O presidente Luiz Inácio Lula da Silva (PT) afirmou nesta sexta-feira (24), durante entrevista a jornalistas na Indonésia, que “traficantes são vítimas de usuários também”, ao comentar a ofensiva do governo de Donald Trump contra o tráfico internacional de drogas na Venezuela.
“Toda vez que a gente fala de combater as drogas, possivelmente fosse mais fácil a gente combater os nossos viciados internamente, os usuários. Os usuários são responsáveis pelos traficantes, que são vítimas dos usuários também”, disse o chefe do Planalto.
“Ou seja, então você tem uma troca de gente que vende porque tem gente que compra. Tem gente que compra porque tem gente que vende. Então, é preciso que a gente tenha mais cuidado no combate à droga”, completou Lula, reforçando a necessidade de estratégias equilibradas e legais.
Contexto internacional e críticas à violência
Nos últimos meses, a administração Trump tem ampliado movimentações militares nas águas do Caribe com a justificativa de combater cartéis de drogas. Na quinta-feira (23/10), Trump sugeriu a possibilidade de uma ofensiva terrestre na Venezuela.

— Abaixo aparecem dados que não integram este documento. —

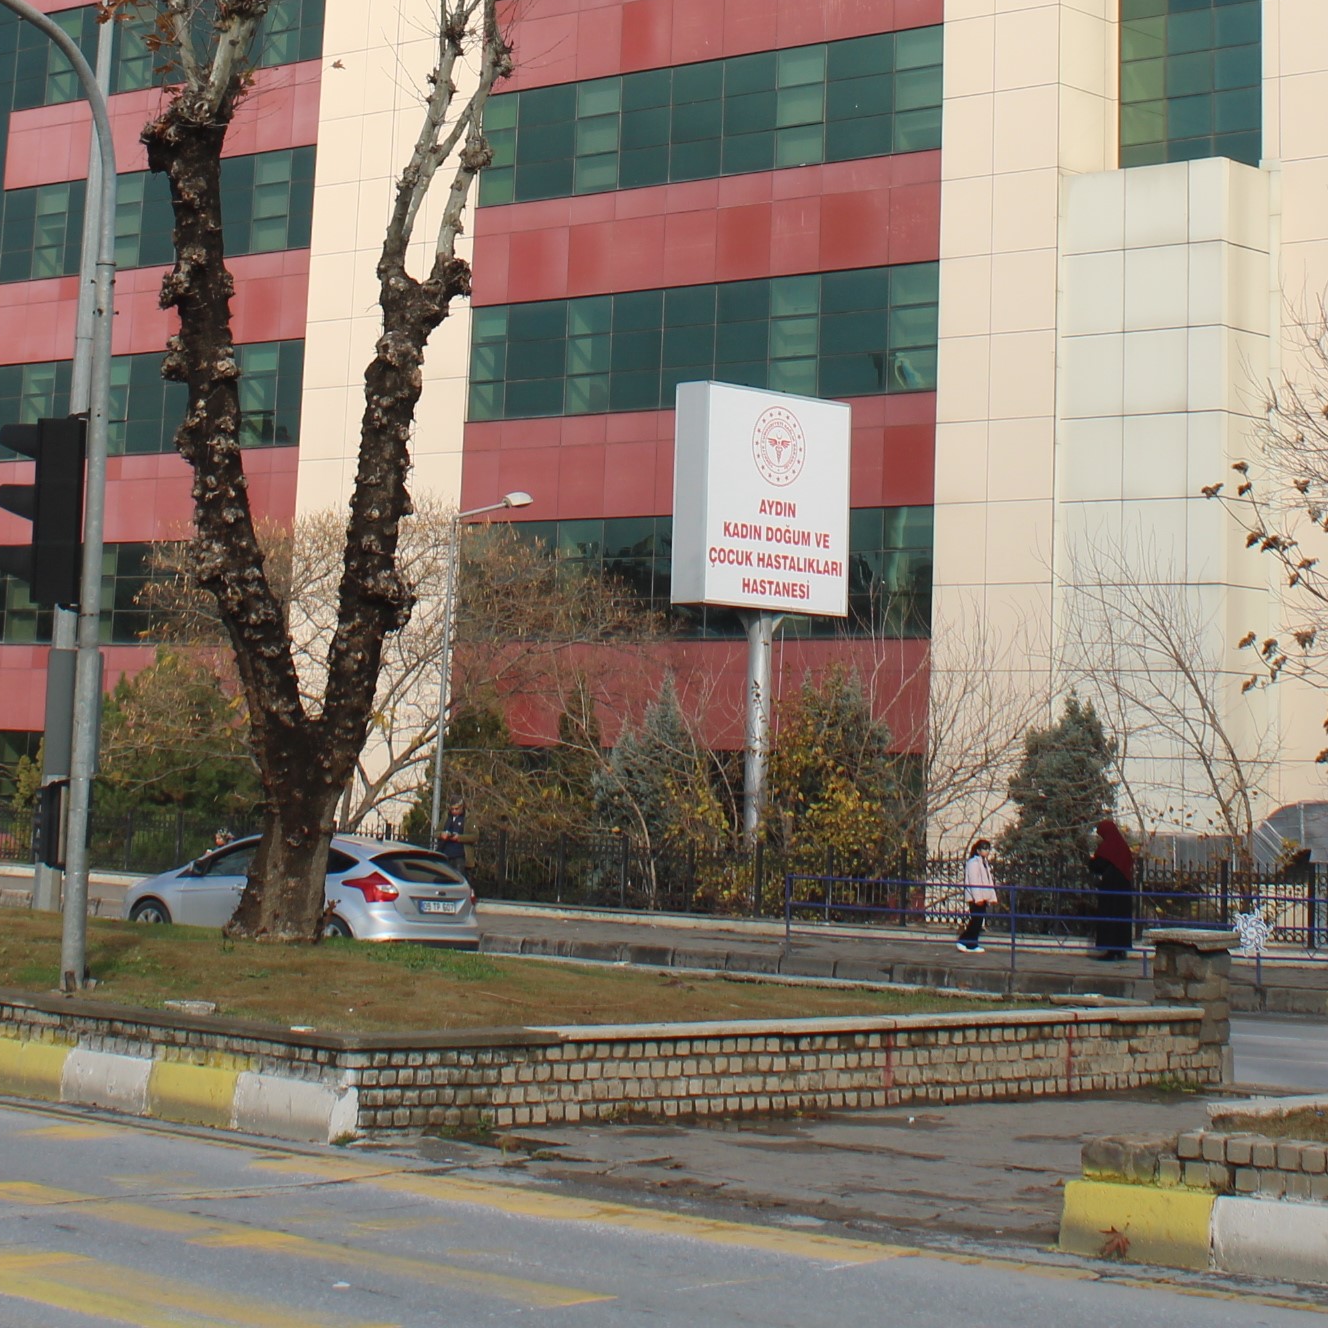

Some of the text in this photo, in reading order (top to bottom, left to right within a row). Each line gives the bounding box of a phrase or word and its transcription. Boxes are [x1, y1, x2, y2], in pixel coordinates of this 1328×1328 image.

[758, 498, 797, 518] AYDIN
[723, 521, 830, 549] KADIN DOĞUM VE
[708, 546, 843, 577] ÇOCUK HASTALIKLARI
[741, 577, 810, 600] HASTANESİ

“Eles continuam enviando drogas por terra. Muito menos, porque eles acham que algo grande vai acontecer, e eles estão certos. Algo muito sério vai acontecer. O equivalente ao que está acontecendo no mar”, disse o presidente norte-americano.

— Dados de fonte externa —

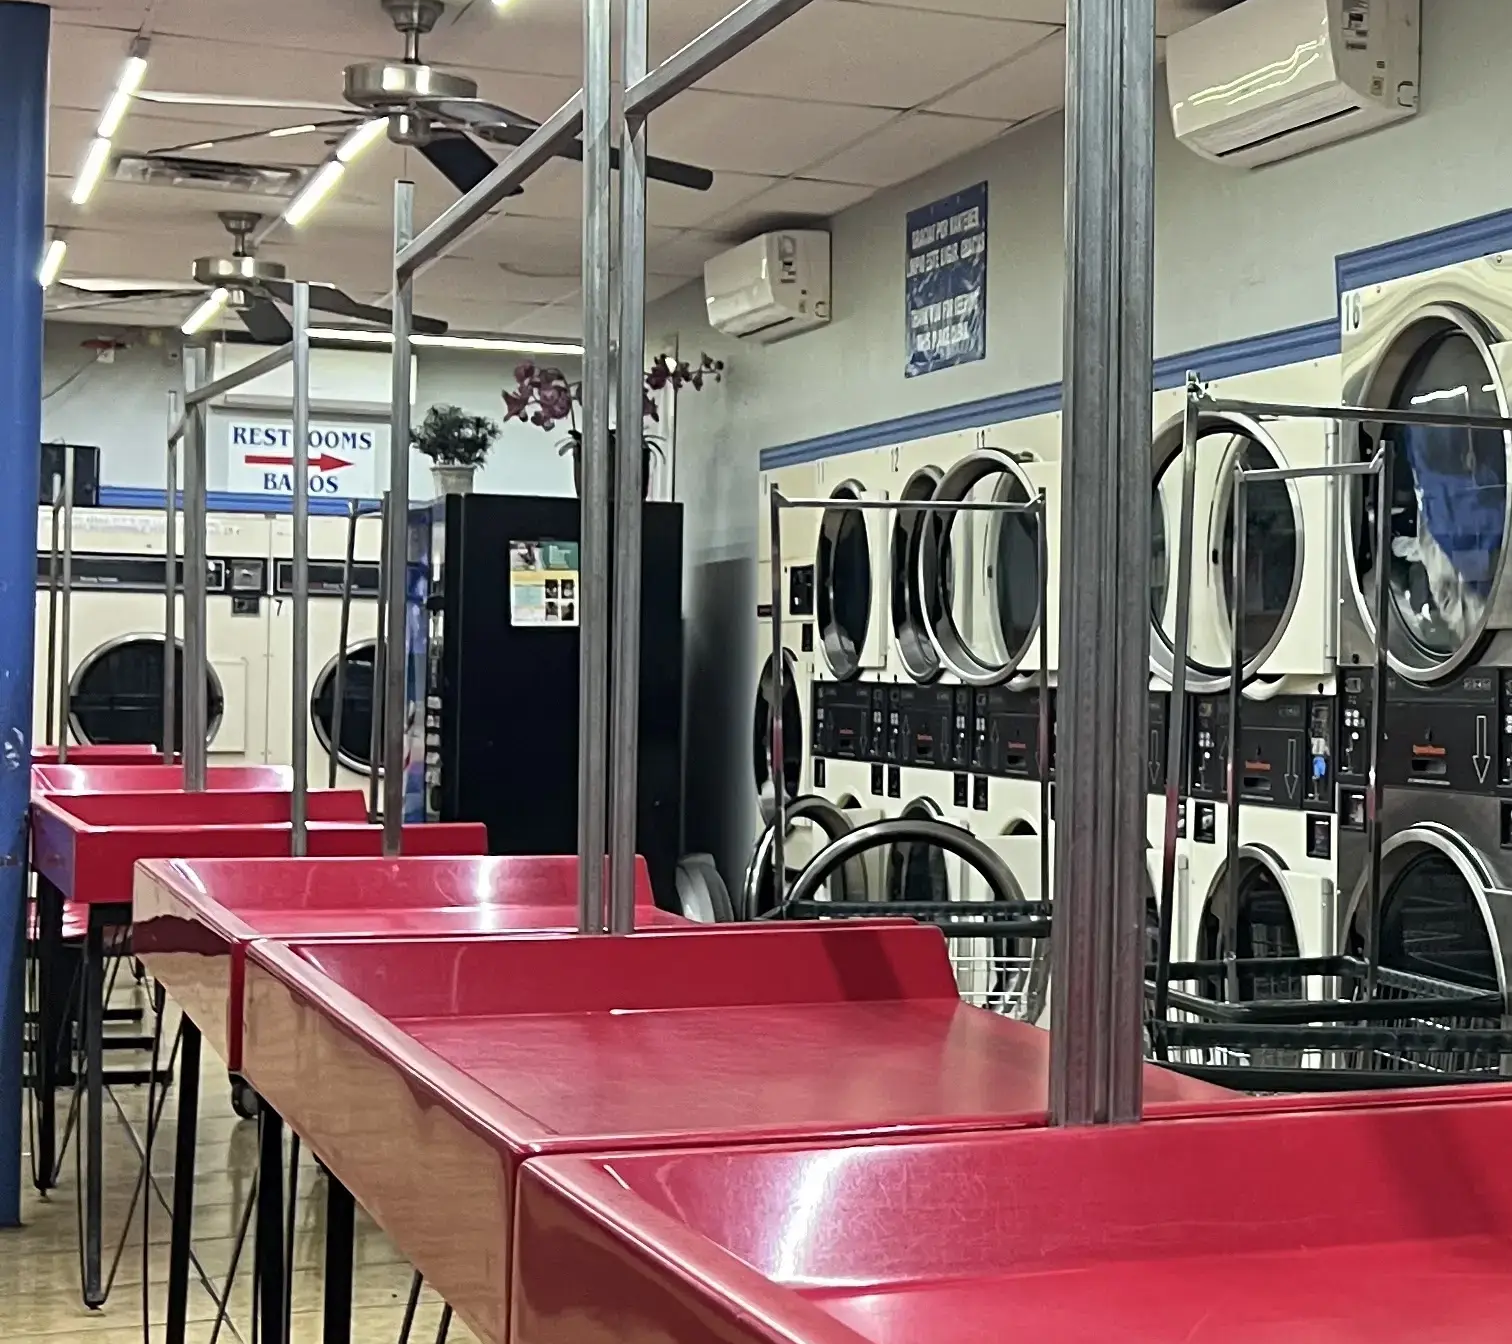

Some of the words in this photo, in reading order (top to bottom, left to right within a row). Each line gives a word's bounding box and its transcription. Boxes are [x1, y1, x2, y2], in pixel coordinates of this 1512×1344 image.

[1345, 292, 1360, 331] 16
[233, 426, 372, 450] RESTOOMS
[263, 473, 339, 493] BAOS
[275, 599, 283, 617] 7

Lula criticou diretamente a postura de Trump: “Você não fala que vai matar as pessoas. Você tem que prender as pessoas, julgar as pessoas, saber se a pessoa estava ou não traficando, e aí você pune as pessoas de acordo com a lei. É o mínimo que se espera de um chefe de Estado”.
Perspectiva do Brasil
O presidente brasileiro defende uma abordagem baseada em legalidade, prevenção e justiça, alertando para a complexidade do combate às drogas, que envolve usuários e traficantes. A declaração também reforça a preocupação de Lula com métodos que desrespeitem direitos humanos e soberania de outros países.